Life in the Trenches
For millions of WW1 soldiers, the trenches were home. Here's what daily life was like.
The Routine
Dawn: "Stand-to" — everyone at firing positions, weapons ready. Attacks often came at dawn.
Morning: Breakfast (if supplies arrived). Inspection. Repair trenches damaged overnight.
Day: Mostly quiet. Snipers made movement dangerous. Sleep if possible.
Dusk: Stand-to again. The dangerous time resumed.
Night: Working parties — repairing wire, digging, patrols into No Man's Land.
The Environment
Mud: Constant, everywhere. After rain, trenches became canals. Men drowned in mud.
Water: Trenches flooded regularly. Pumping was endless.
Cold: Winter was brutal. Frostbite common.

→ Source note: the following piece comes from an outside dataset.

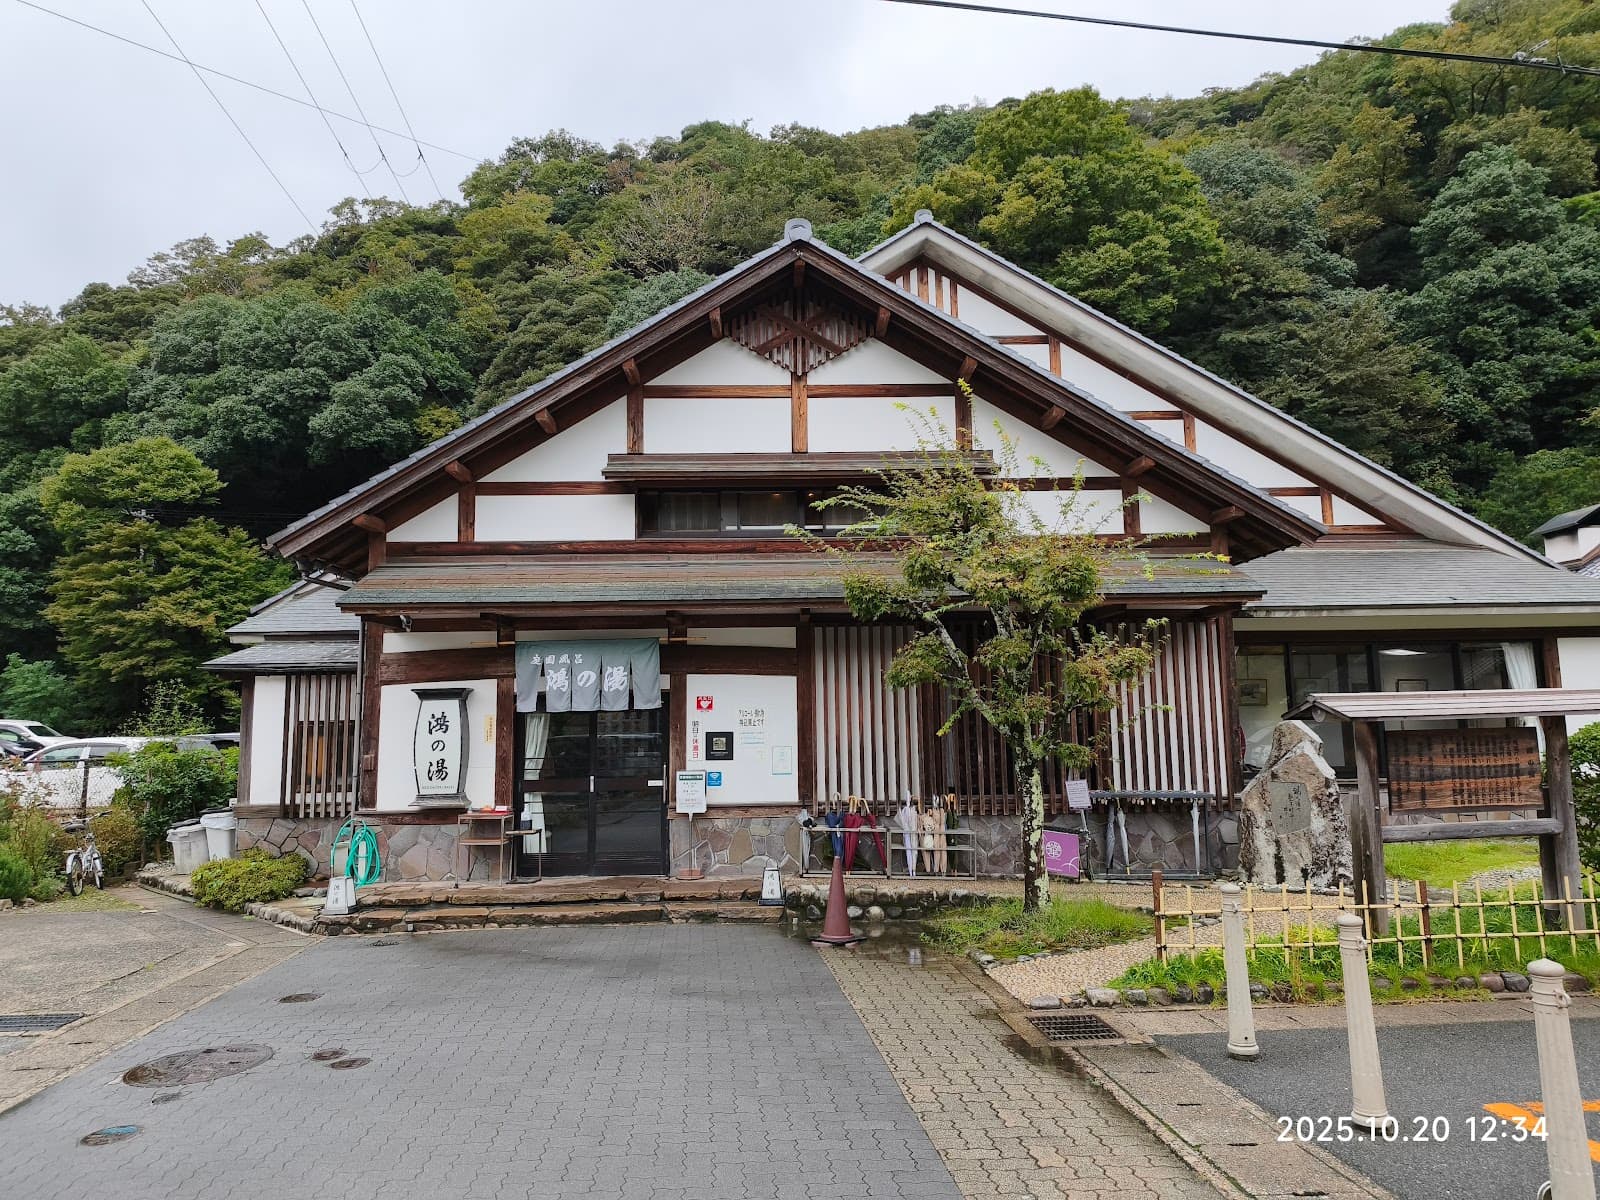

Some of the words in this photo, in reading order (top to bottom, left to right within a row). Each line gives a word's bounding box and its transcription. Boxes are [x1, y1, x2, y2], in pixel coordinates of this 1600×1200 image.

Heat: Summer brought dust, flies, and unbearable smell.
The Creatures
Rats: Fat on corpses in No Man's Land. Stole food, spread disease, crawled over sleeping soldiers.
Lice: Every soldier had them. Caused "trench fever" and constant itching.
Flies: In summer, millions swarmed over food, wounds, and latrines.
Health
Trench foot: Feet rotted from constant wet. Could require amputation.
Disease: Dysentery, typhus, influenza (1918 pandemic killed more than combat).
Shell shock: Constant bombardment caused psychological breakdown.
Food
- Bully beef (canned corned beef)
- Hard biscuits
- Tea (essential for morale)
- Occasional bread, jam, cheese
Hot food rare in forward trenches. Supplies often delayed or destroyed.
The Sounds
- Constant artillery rumble
- Machine gun bursts
- Shells screaming overhead
- Screams of wounded in No Man's Land
Soldiers learned to distinguish shell types by sound.
Relief
Soldiers rotated: front line (4-6 days) → support trenches → reserve → rest behind lines.
Rest areas had cafes, baths, and relative safety — but you always went back.
Coping
Humor: Dark jokes, trench newspapers, songs.
Comradeship: Bonds with fellow soldiers sustained men.
Fatalism: "If your shell has your name on it, that's it."
Many veterans couldn't speak of the experience for decades.